Real life errors are generally larger than this. There are many reasons. For a start, regardless of who we might be playing, our own performance is not consistent. But there are more serious issues. Assuming that squash ability can be measured along one axis is questionable. So is the assumption that these Squash ratings are transitive: if A is 2 "points" better than L, and L is -1 "points" better than B, is it true that A is 1 "point" better than B? Or would a comparison of A and B via M yield a different result? Perhaps A plays a faster, harder game with L than he is allowed to play with M.

Having got some of the caveats out of the way, we can proceed. Poor performance will be indicated by high predictive errors. Individual anomalies should correct themselves after a few new results. At least the process and its effectiveness is explicit. Many other comparisons of ability have very little objectivity, no clear methodology and no appeal.

The Algorithm

Given any set of results we could, by some means or other, estimate a set of ratings and then assess their quality by performing the calculation described above. We would have to repeat the procedure until we could be reasonably sure that no one — particularly an interested party — could surprise us with a set of ratings yielding a smaller overall error. However this would be a tedious and unsatisfactory exercise. Clearly such a scheme is only going to be practical if some method of calculation can be found which can be guaranteed to find the best set of ratings.
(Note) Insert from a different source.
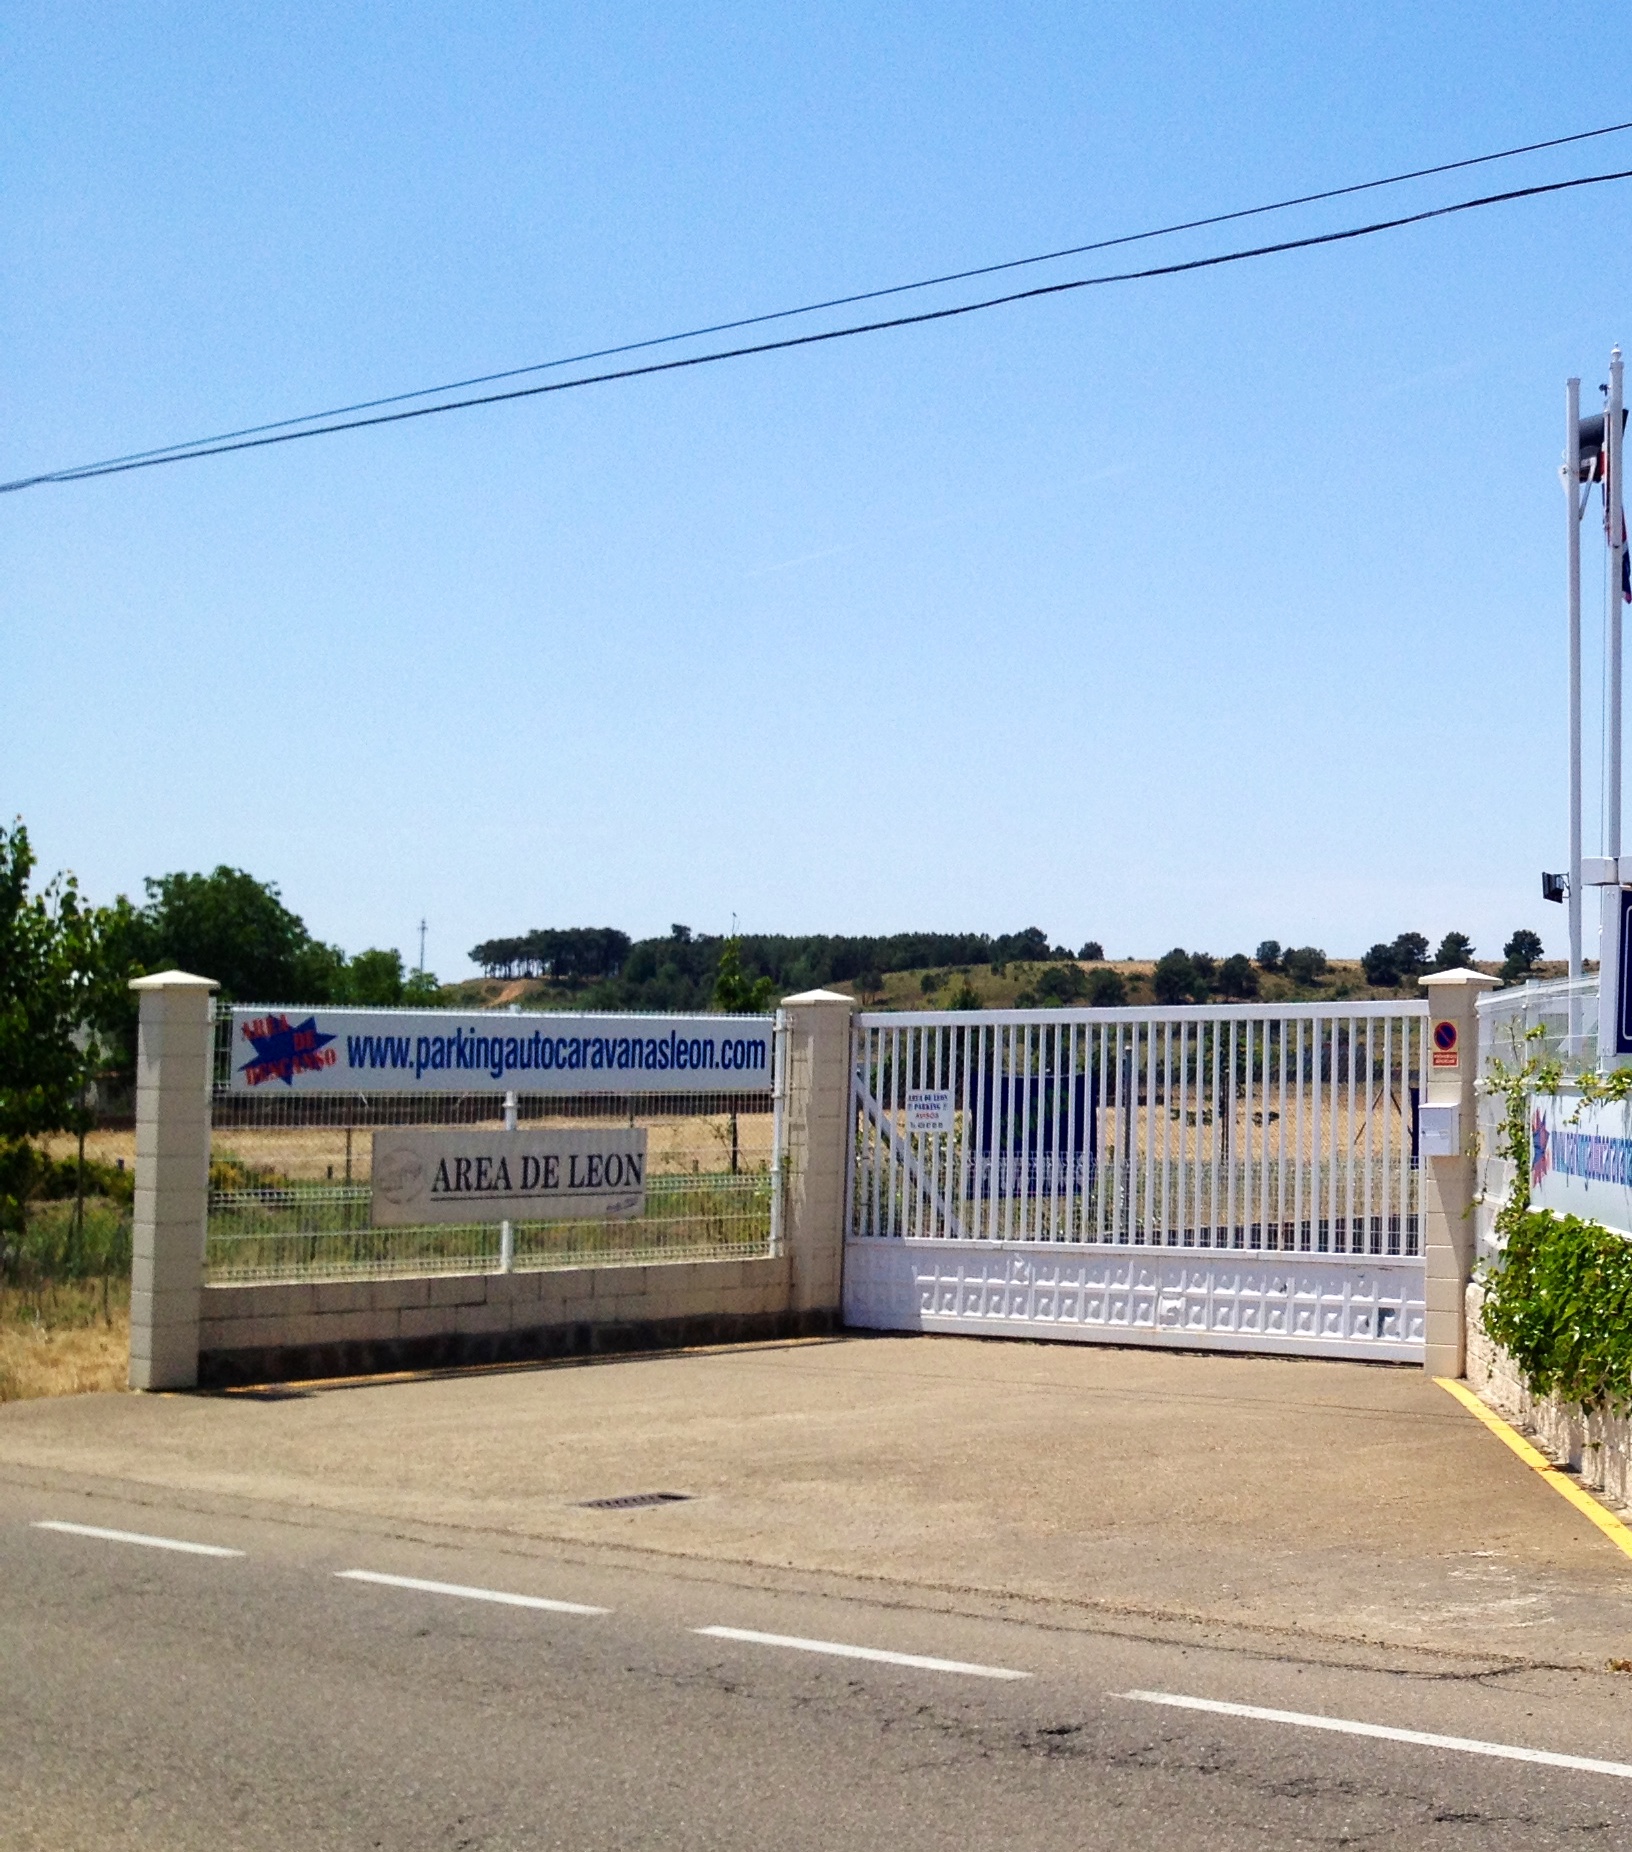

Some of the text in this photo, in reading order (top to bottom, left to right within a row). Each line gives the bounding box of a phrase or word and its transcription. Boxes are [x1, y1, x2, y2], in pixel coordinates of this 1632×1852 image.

[241, 1014, 289, 1040] AREA
[347, 1026, 766, 1080] www.parkingautocaravanasleon.com
[431, 1153, 644, 1193] AREA DE LEON
Fortunately mathematical algorithms do exist that will yield a set of ratings which cannot be improved. This does not mean that no other set of ratings will be as good — in general this cannot be guaranteed — but it does mean that no other set of ratings can be found with a lower total error. We can guarantee a best set, not the best set, of ratings

The example supposed an ideal environment, a competition among five players, in which all possible matches are played. The proposed algorithm is not as restrictive however — no special match organisation is required at all — the method only uses the evidence of the matches that were actually played. Irregular players may be retained or dropped as the club wishes — they are no longer a serious problem. An injured player may retire for a few months for example — and still retain his rating. Alternatively, since it is no longer crucial that all matches be played, the leagues could be increased in size and less enthusiastic members tolerated.

The Mathematics

The obvious approach is to use the games that were played to estimate the ratings by minimizing the total discrepancy between the results as played and the results as predicted.

Using R(i) to mean player i's rating we have:

  R(i) - R(j) + Error(i,j) = G(i,j) where: G(i,j) = Result of the game between i & j
  G(j,i) = -G(i,j)  
  for all i,j player combinations
where games were played
 

If we can calculate the R(i)'s to minimise the total of the Error(i,j)'s we should be close to our goal. We are not quite there however. The measure of error must be independent of sign; we cannot have negative errors cancelling out positive ones.

The 3:0 "whitewash" issue

We must also recognise the problem posed by "whitewashes". If A beats C by 3:0 this does not mean, even in our terms, that "A is 5 points better than C" but merely that he is at least 5 points better. If A goes on to beat B by 3:0 and B subsequently beats C by 3:0 then a rating differential of 10 is far more appropriate. If this point is neglected it is possible for the poorest club members to enhance their ratings simply by losing sufficiently frequently against the club's best players.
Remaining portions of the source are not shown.